Jean-Marie Sermier m'a posé la question de la modification des comportements je la pense possible. Je ne citerais qu'un exemple, issu d'une des réformes que j'ai eu à conduire, celui des lessives, sur lesquelles pèse une TGAP, qui était assez peu différenciée entre celles contenant moins de 5 % de phosphates, celles en contenant entre 5 et 30 %, et celles en contenant plus. On m'a présenté un dispositif d'actualisation qui ne prenait en compte qu'une variation tenant compte de l'inflation, que j'ai jugé tout à fait insuffisant. J'ai proposé une division par deux du taux pesant sur la première catégorie, une multiplication par deux pour la seconde, et un triplement pour la troisième. Evidemment, tout le monde, y compris au sein du ministère, m'a assuré à l'époque qu'un tel dispositif n'avait aucune chance de voir le jour, et une fois adopté, que son impact serait nul.

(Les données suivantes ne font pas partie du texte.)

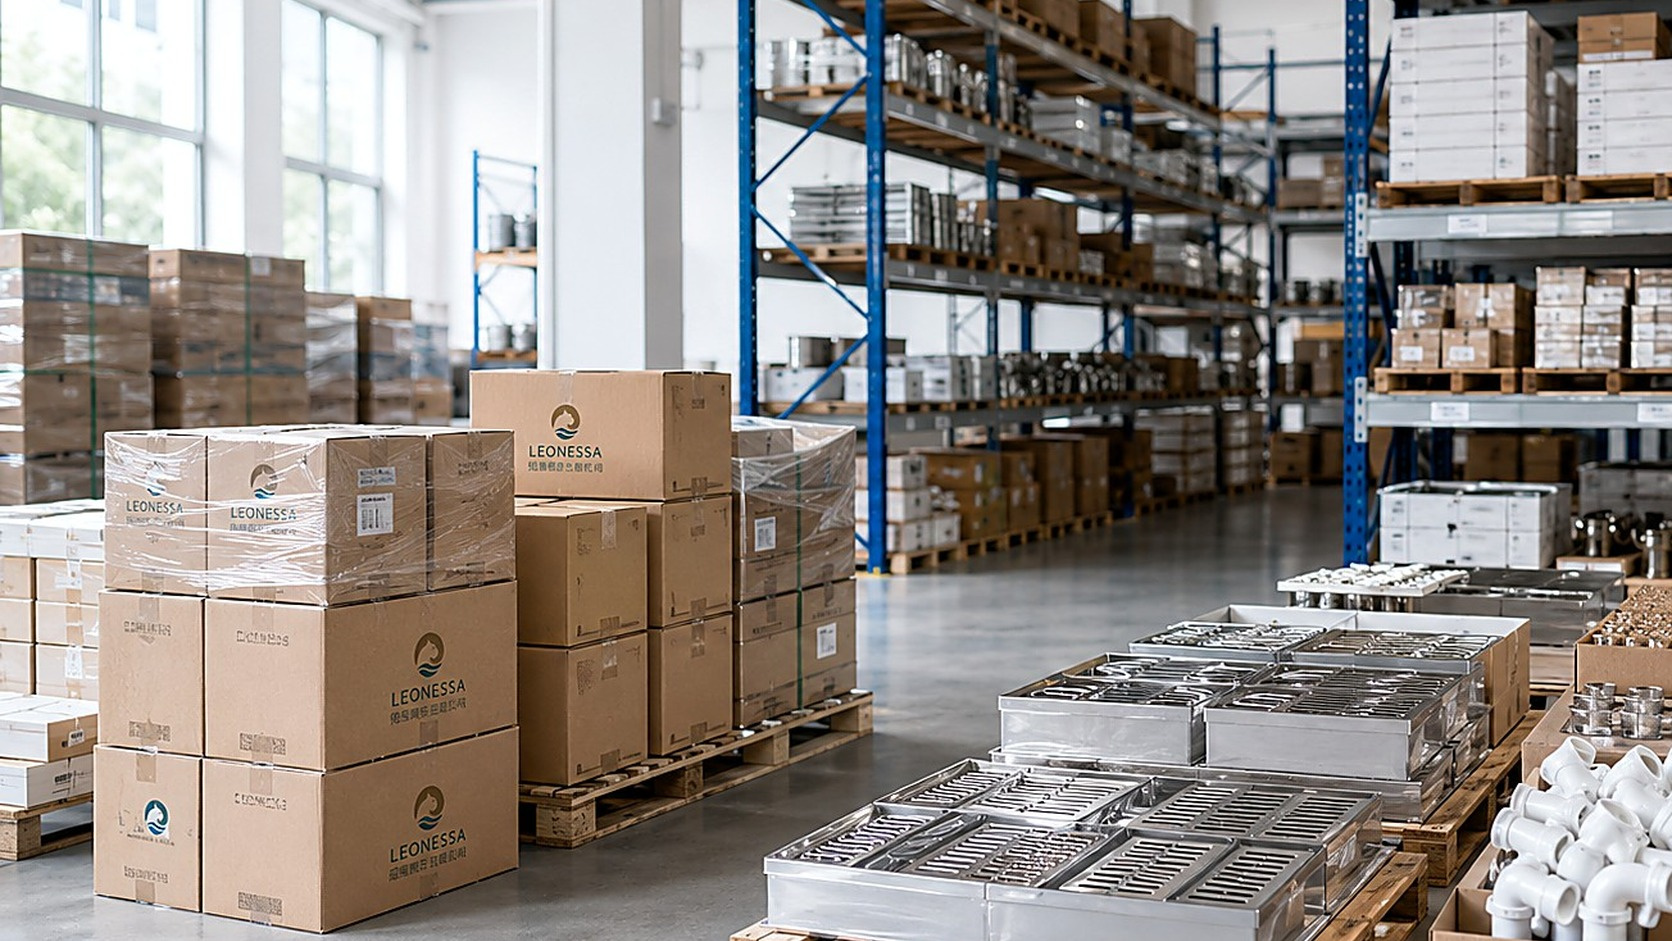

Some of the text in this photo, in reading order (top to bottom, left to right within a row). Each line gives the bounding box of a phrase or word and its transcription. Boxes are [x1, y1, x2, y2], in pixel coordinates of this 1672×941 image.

[529, 445, 602, 458] LEONESSA
[126, 500, 183, 514] LEONESSA
[231, 506, 297, 520] LEONESSA
[391, 679, 466, 707] LEONESSA
[390, 828, 466, 863] LEONESSA
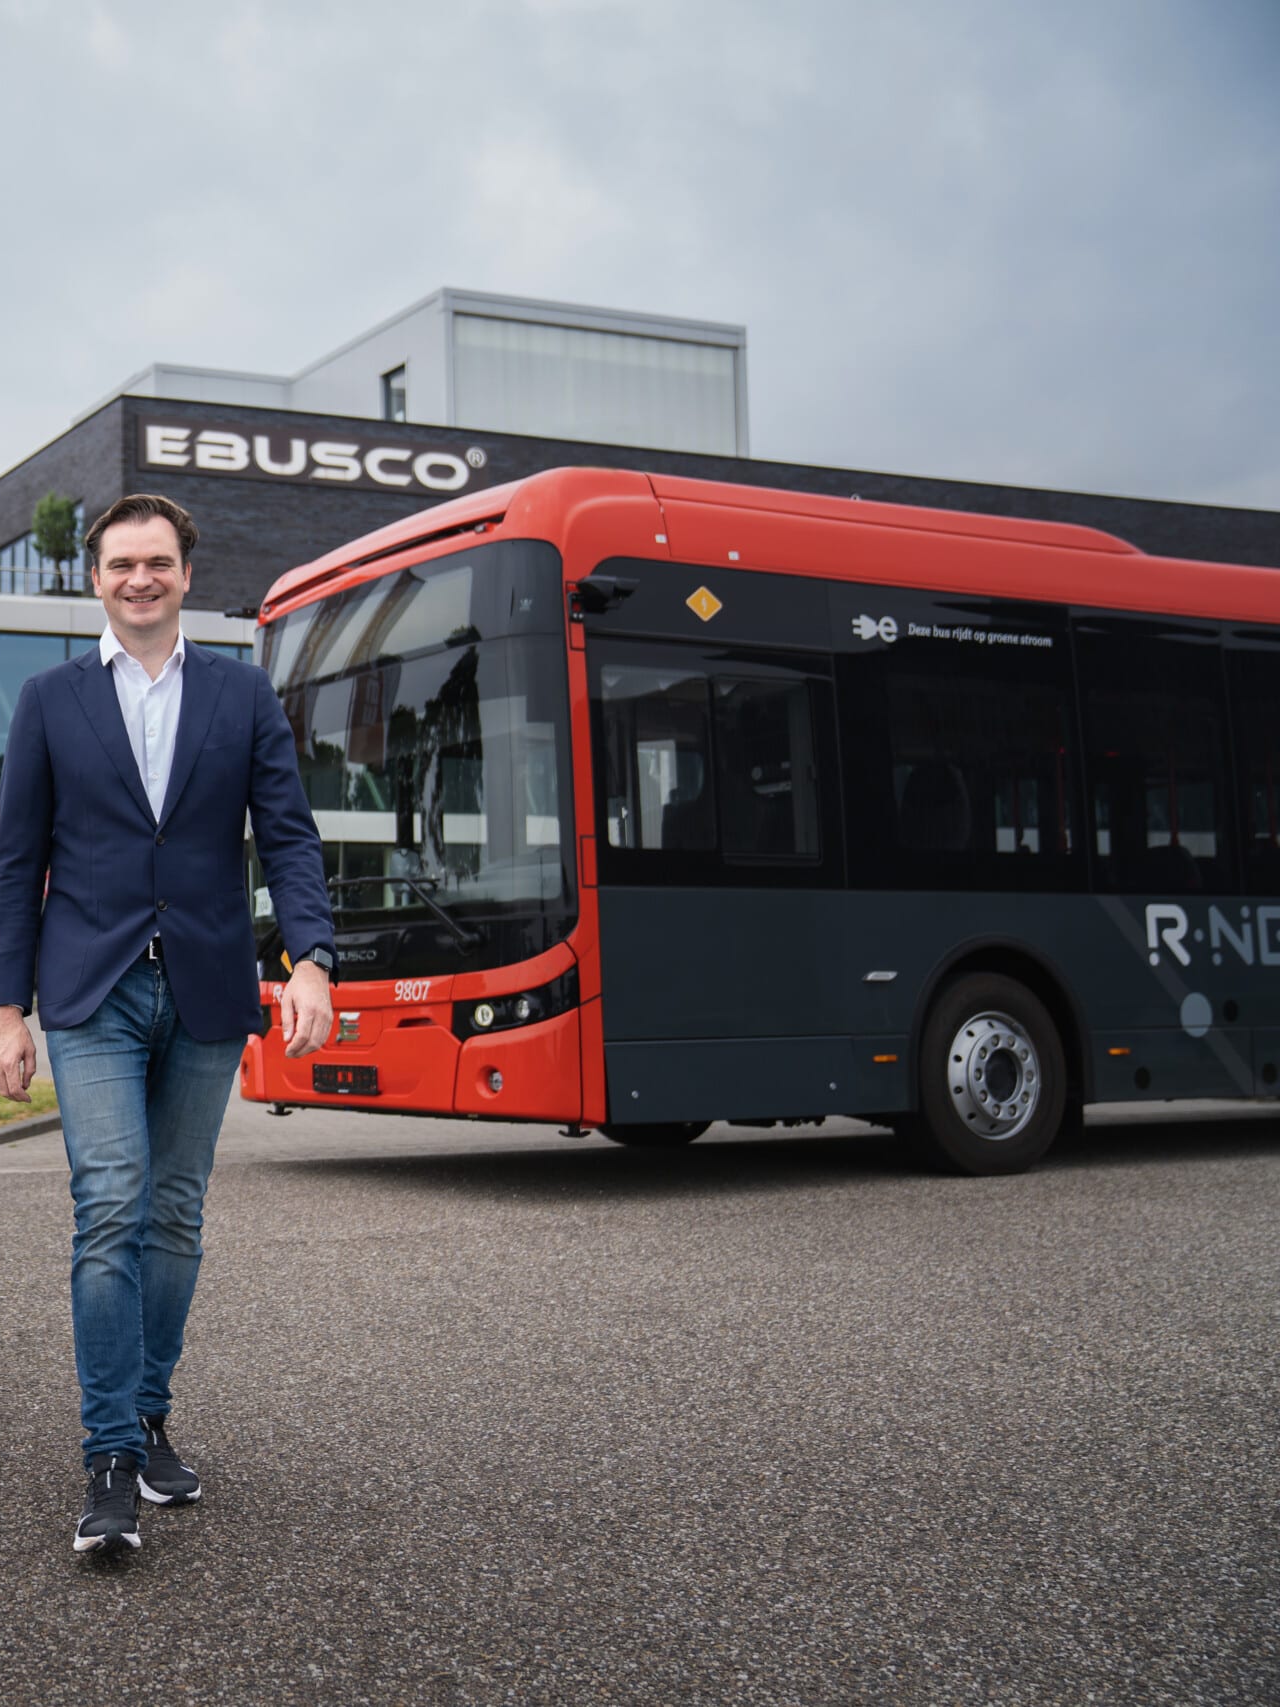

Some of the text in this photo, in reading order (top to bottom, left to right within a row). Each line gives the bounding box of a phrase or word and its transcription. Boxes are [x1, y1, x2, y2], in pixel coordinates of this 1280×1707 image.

[908, 622, 1053, 648] Deze bus rijdt op groene stroom
[394, 980, 431, 1001] 9807
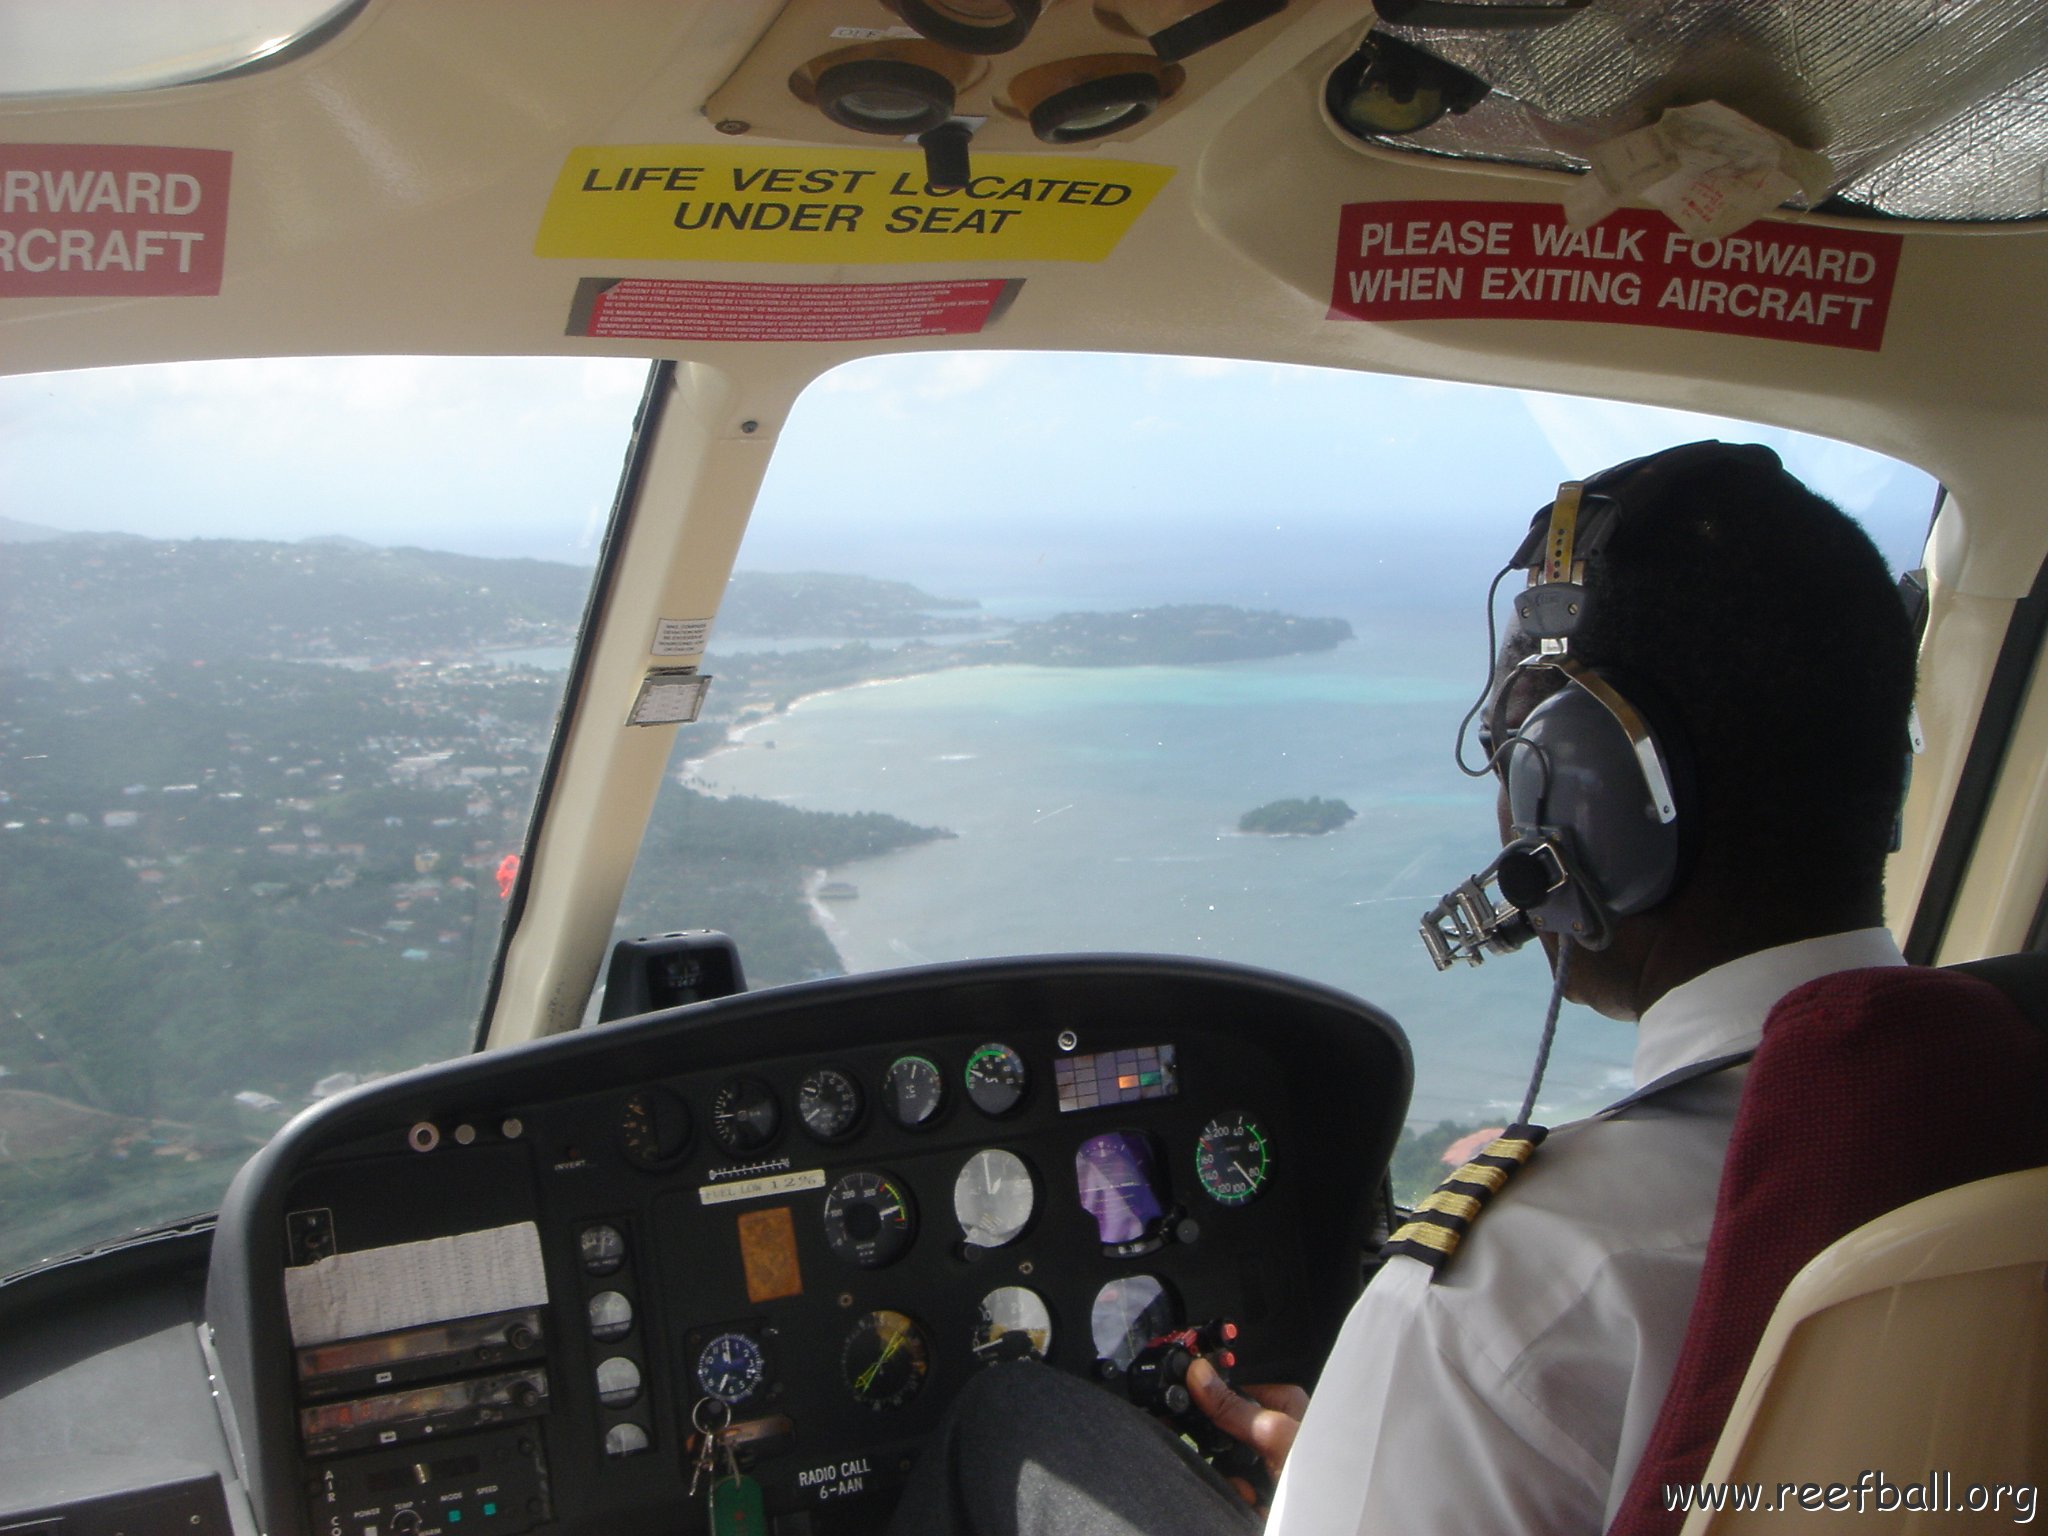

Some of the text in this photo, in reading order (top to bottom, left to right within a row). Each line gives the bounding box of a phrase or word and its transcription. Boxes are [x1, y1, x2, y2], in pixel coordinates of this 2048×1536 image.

En fait, les achats des deux catégories de lessive les plus phosphatées ont baissé de 80 % au terme d'un an de fonctionnement du nouveau barème. Comment expliquer un tel résultat ? Il existait un produit de substitution, c'est-à-dire des lessives peu ou pas phosphatées, et leur prix a baissé de façon significative, du fait du nouveau barème, de 50 %. Il s'agit là d'un mécanisme fiscal clairement incitatif : cela ne rapporte pas plus à l'Etat ex post. Un autre exemple est la TGAP sur les déchets, même si le système en vigueur est plus complexe.
A Martial Saddier, je répondrais qu'il existe plus de CO2 dans un litre de gazole que dans un litre de super, et que la puissance énergétique du premier est supérieur au second. En revanche, on émet moins de CO2 lorsqu'on roule dans un véhicule diesel, précisément parce qu'un litre de gazole permet de parcourir plus de kilomètres. Mais, lorsque vous allez à la station-service, vous n'achetez pas des kilomètres, mais des litres. Si on voulait taxer l'externalité carbone de la même manière pour les deux types de carburant, il faudrait que le diesel soit légèrement plus taxé que le super, ce qui n'est clairement pas le cas. Il existe des pays où les deux carburants sont taxés de la même manière : la Grande-Bretagne, la Suisse ; d'autres, comme les Etats-Unis, où le gazole est davantage taxé que l'essence.